2.2 X線鋇餐檢查 早期不敏感,可為陰性;炎癥進展可表現為食管壁毛糙,粘膜增粗走行紊亂,粘膜糜爛所致針尖狀鋇點;胃內對比劑反流,尤其在臥位時;晚期由于瘢痕形成可致食管腔狹窄;部分病人可顯示食管裂孔疝。
2.3 X線造影表現食管靜脈曲張早期可見食管下段局限性粘膜增粗或稍迂曲,管腔邊緣略呈鋸齒狀。隨著病變加重典型表現可見管腔內呈串珠樣或蚯蚓樣充盈缺損,管壁邊緣明顯不規則,管腔擴張,管壁蠕動減弱、排空延遲。嚴重者可見管腔明顯擴張不易收縮。胃底部靜脈曲張可見胃底及賁門附近粘膜皺襞呈多發息肉樣,呈圓形、橢圓形或弧形充盈缺損。偶有呈分葉狀團塊影。

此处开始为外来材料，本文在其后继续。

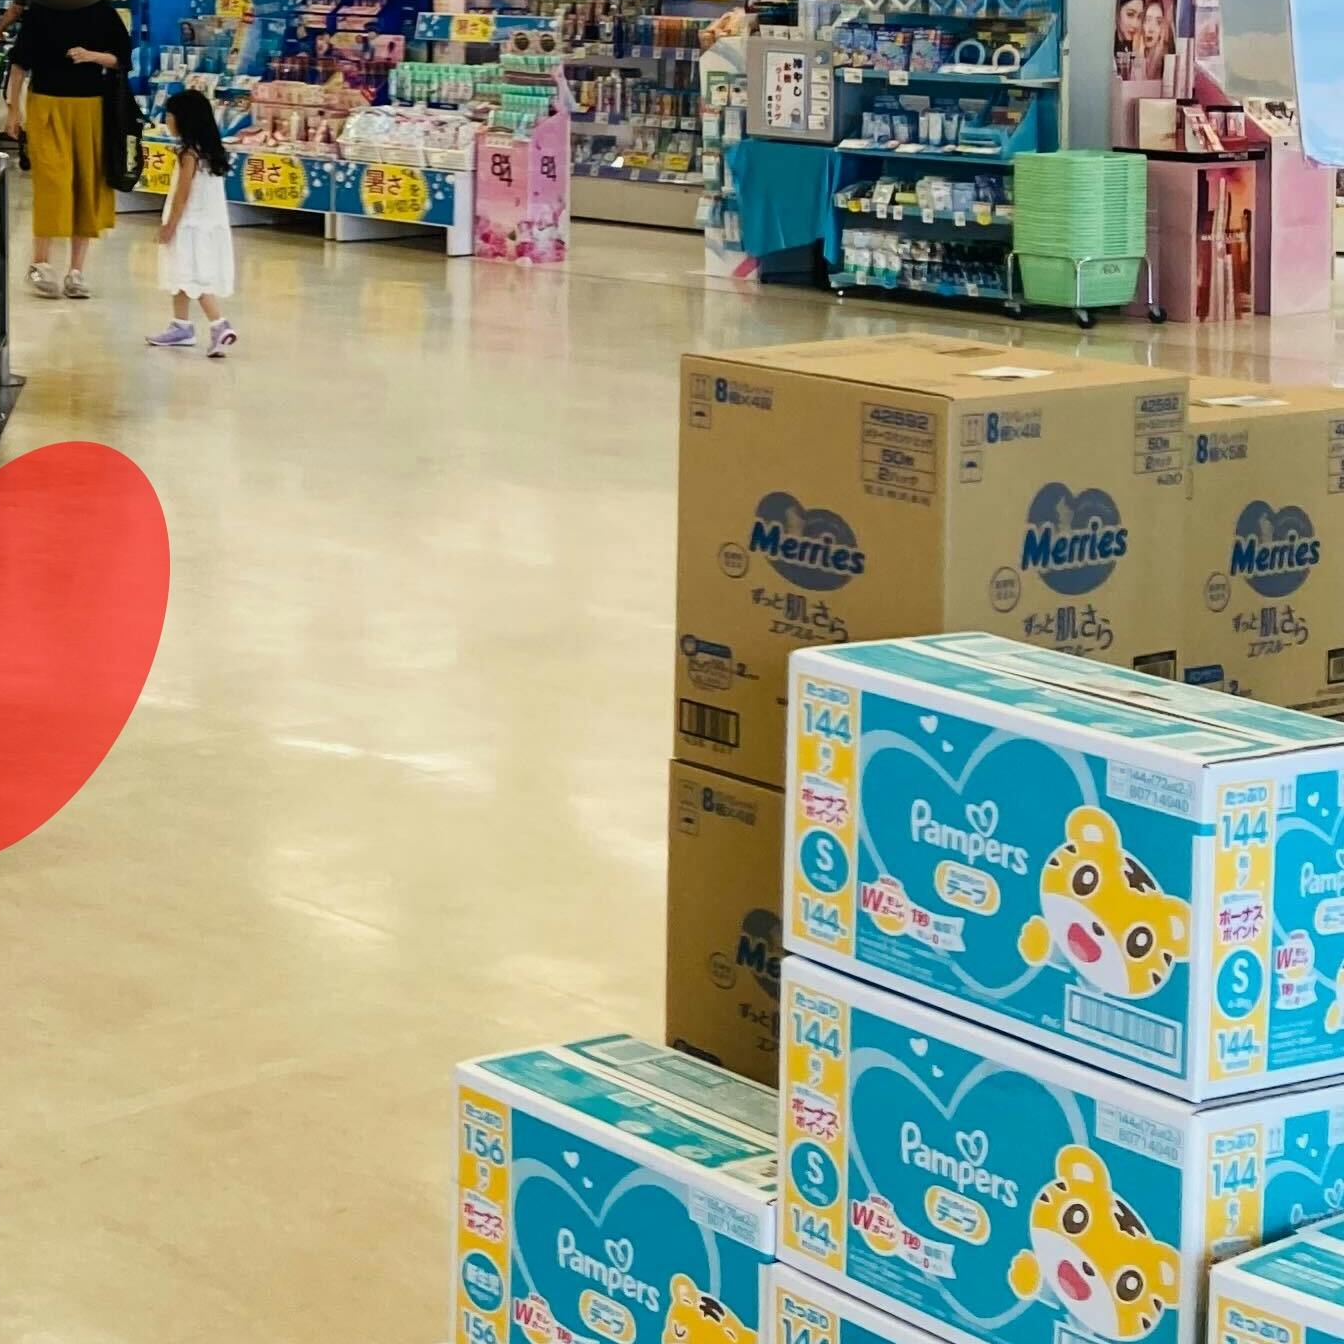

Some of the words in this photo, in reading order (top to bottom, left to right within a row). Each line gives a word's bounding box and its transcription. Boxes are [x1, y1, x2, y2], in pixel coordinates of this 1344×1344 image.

[715, 377, 728, 404] 8
[986, 412, 999, 443] 8
[1196, 435, 1208, 464] 8
[749, 522, 865, 574] Merries
[1022, 521, 1128, 571] Merries
[1230, 535, 1320, 576] Merries
[803, 704, 853, 744] 144
[912, 798, 1029, 875] Pampers
[1221, 811, 1269, 849] 144
[815, 838, 834, 871] S
[1219, 905, 1264, 925] ボーナス
[1223, 925, 1259, 942] ポイント
[1232, 958, 1250, 995] S
[793, 1013, 842, 1059] 144
[463, 1123, 505, 1165] 156
[808, 1151, 824, 1185] S
[901, 1121, 1018, 1208] Pampers
[1212, 1159, 1258, 1196] 144
[558, 1228, 660, 1312] Pampers
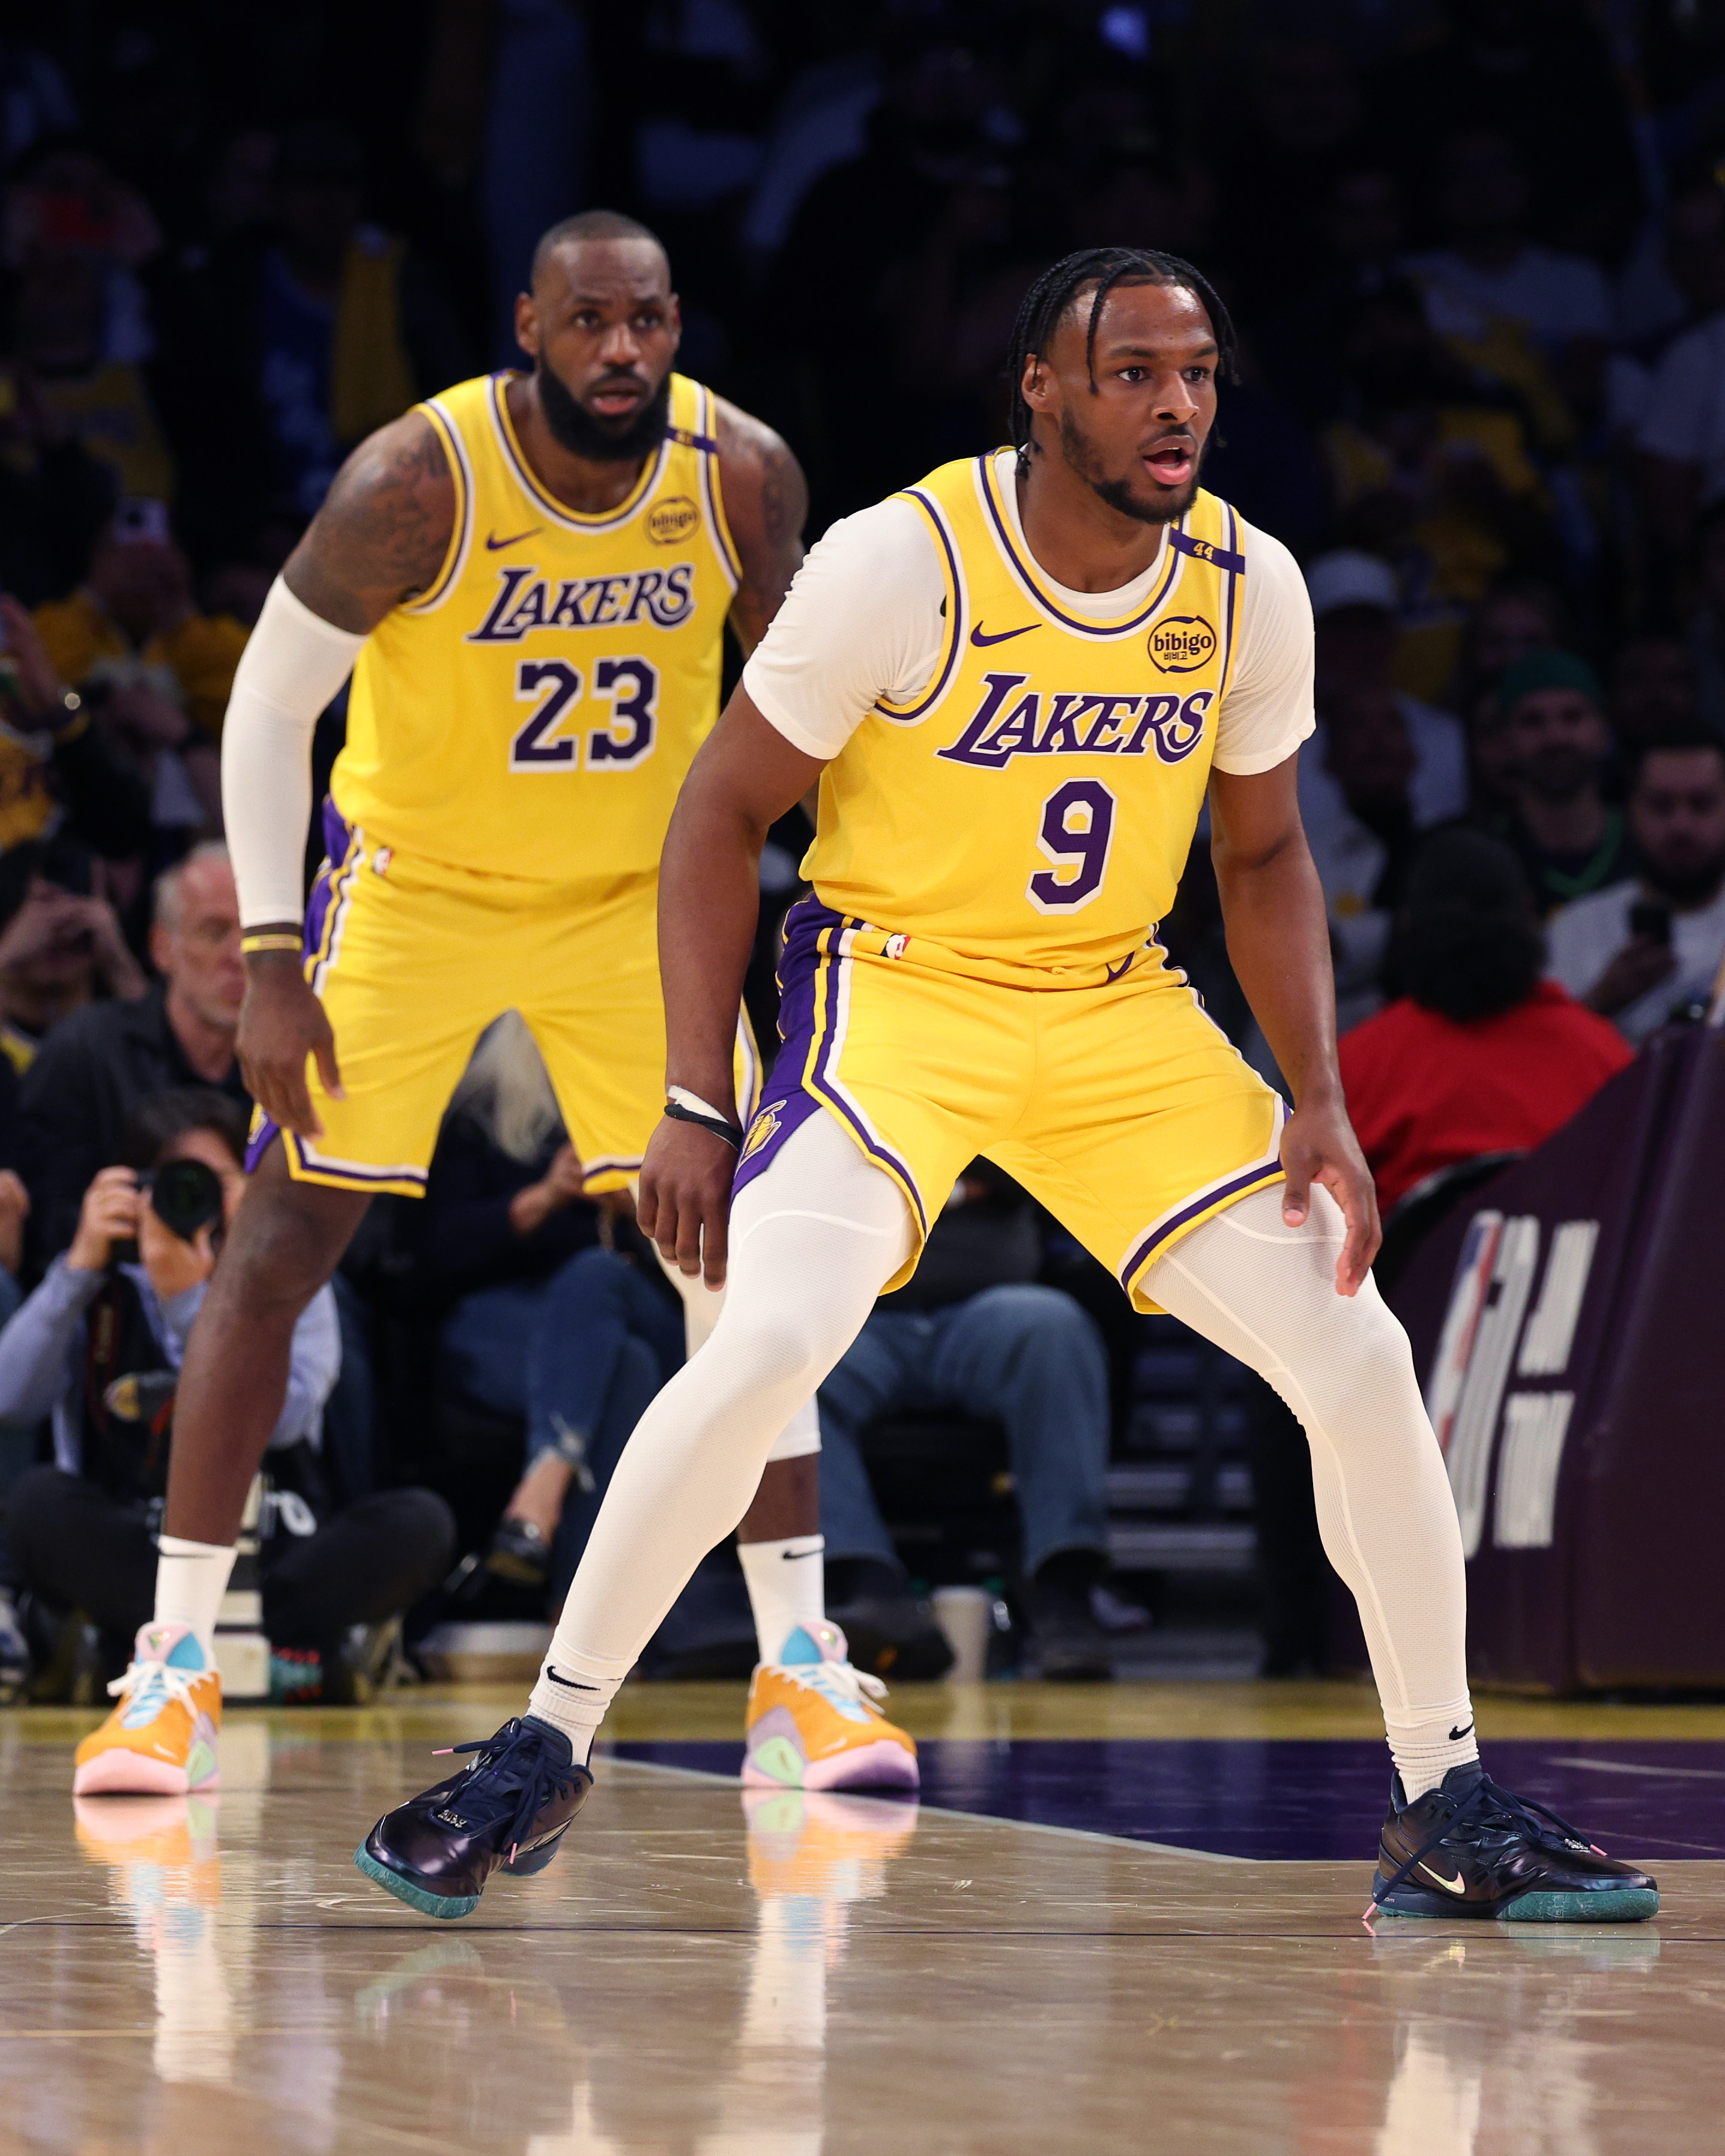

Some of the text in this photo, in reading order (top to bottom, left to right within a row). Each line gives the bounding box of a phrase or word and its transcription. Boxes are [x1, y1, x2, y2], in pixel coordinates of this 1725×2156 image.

2.4 病變部位 慢性食管炎發生部位:食管上段2例,食管中段4例,食管中下段8例,食管下段19例,賁門3例。
2.5 粘膜皺襞的改變 病變粘膜皺襞增粗,紊亂,不規則。但無中斷破壞。
2.6 充盈缺損19例在病變區呈多發散在顆粒狀息肉樣或類圓形透光區,似“氣泡征”,大小約1~6mm。
2.7 管壁及管腔改變 大部分病例管壁光滑,無僵硬感,少數病例食管壁呈小鋸齒狀。全部病變與正常食管無明顯分界,呈移行性。
內窺鏡檢查了內鏡檢查是最敏感和特異的診斷方法。念珠菌性食管炎的內鏡下表現程度不一,從紅斑脆性黏膜到乳白色假膜斑塊,可完全覆蓋整個食管。最常見的是食管散在乳白色滲出斑塊,大小形狀不等,稍高出表面,不易剝去,其下為紅斑狀質脆黏膜。嚴重時斑塊融合。常出現在食管下2/3,也可侵犯其他部位,但近食管-胃連接處很少侵犯。還可見到潰瘍、息肉樣病變、黏附的血凝塊和彌漫性黏膜滲血。完全剝脫的食管呈現光滑、灰色、質脆的表現。全部病例程度不同食管粘膜,充血、水腫。伴有食管粘膜糜爛及淺表潰瘍4例。食管粘膜顆粒狀改變2例。
X線檢查重點觀察第一口鋇劑通過情況,要注意詳細觀察適時攝片,才能發現早期不典型病變,同時注意追蹤觀察隨訪,以便早期發現癌腫或癌變,提高診斷準確性,以使患者早期及時治療。內鏡可以診斷慢性食管炎,減少漏診、誤診。如果內鏡發現食管粘膜有糜爛,顆粒狀改變和白色斑塊易出血現象一定要進行活檢,組織學檢查;同時追蹤觀察以便早期發現癌腫或癌變,提高診斷準確性。早期病變X線造影不能發現,中晚期較典型;CT可確定病變的部位、范圍,還可顯示門脈高壓的病因,并顯示腹內的側支循環。MRI不需造影劑可顯示血管,在顯示血管方面優于CT。血管造影為最可靠的方法,但為有創檢查。